Work required: Make an exact copy of the entries, and keep any pictures out of it.
── Record excerpts ──
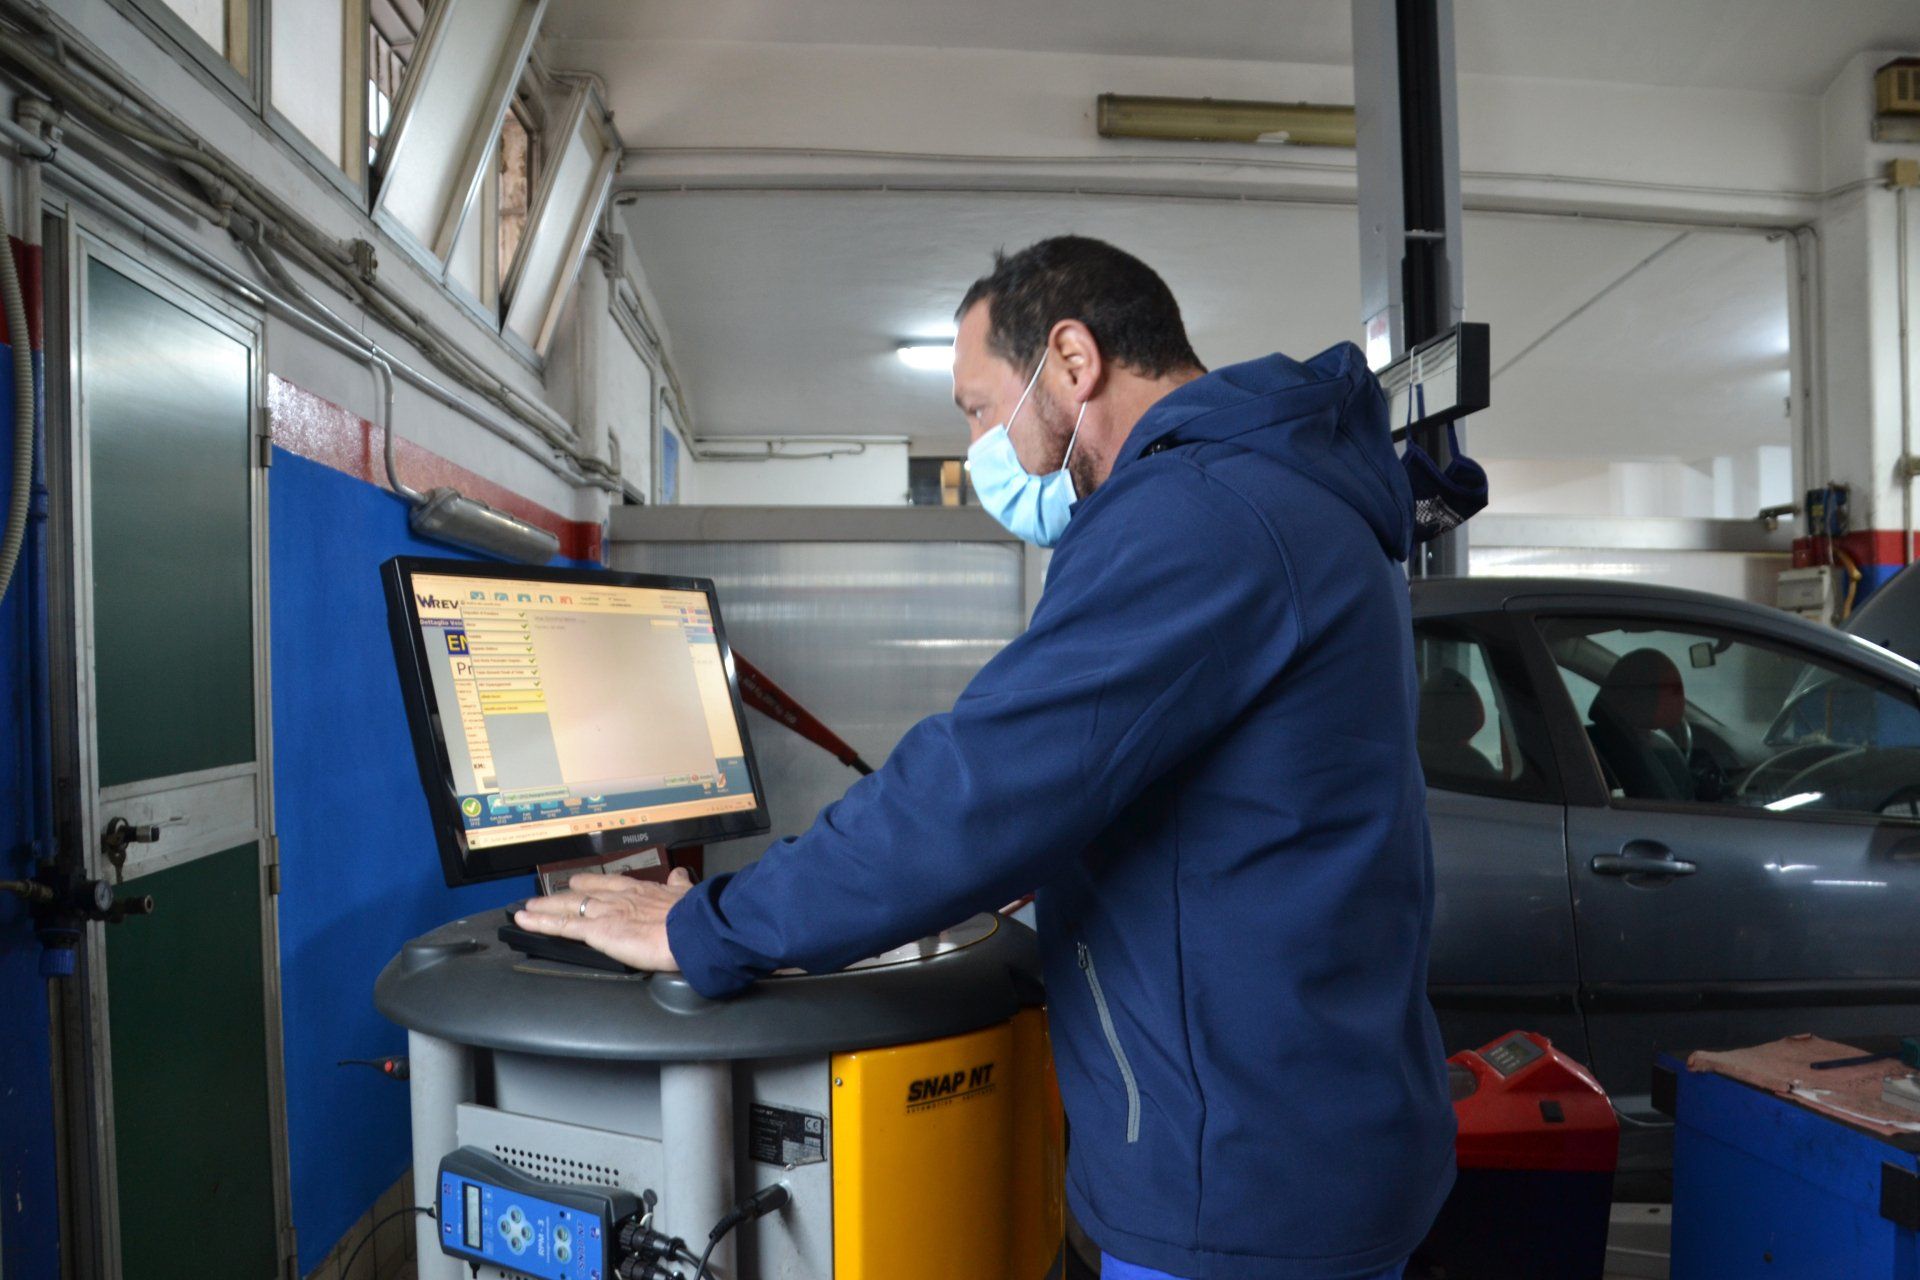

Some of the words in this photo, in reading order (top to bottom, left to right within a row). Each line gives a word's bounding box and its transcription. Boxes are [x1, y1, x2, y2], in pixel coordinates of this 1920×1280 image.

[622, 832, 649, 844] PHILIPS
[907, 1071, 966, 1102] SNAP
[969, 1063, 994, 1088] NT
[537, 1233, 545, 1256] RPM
───
Answer below:
Some of the words in this photo, in reading order (top to bottom, left to right within a row). Each line gives a word's bounding box and its transcription. Boxes are [x1, y1, x2, y2], in pixel coordinates of this 1920×1280 image.

[622, 832, 649, 844] PHILIPS
[907, 1071, 966, 1102] SNAP
[969, 1063, 994, 1088] NT
[537, 1233, 545, 1256] RPM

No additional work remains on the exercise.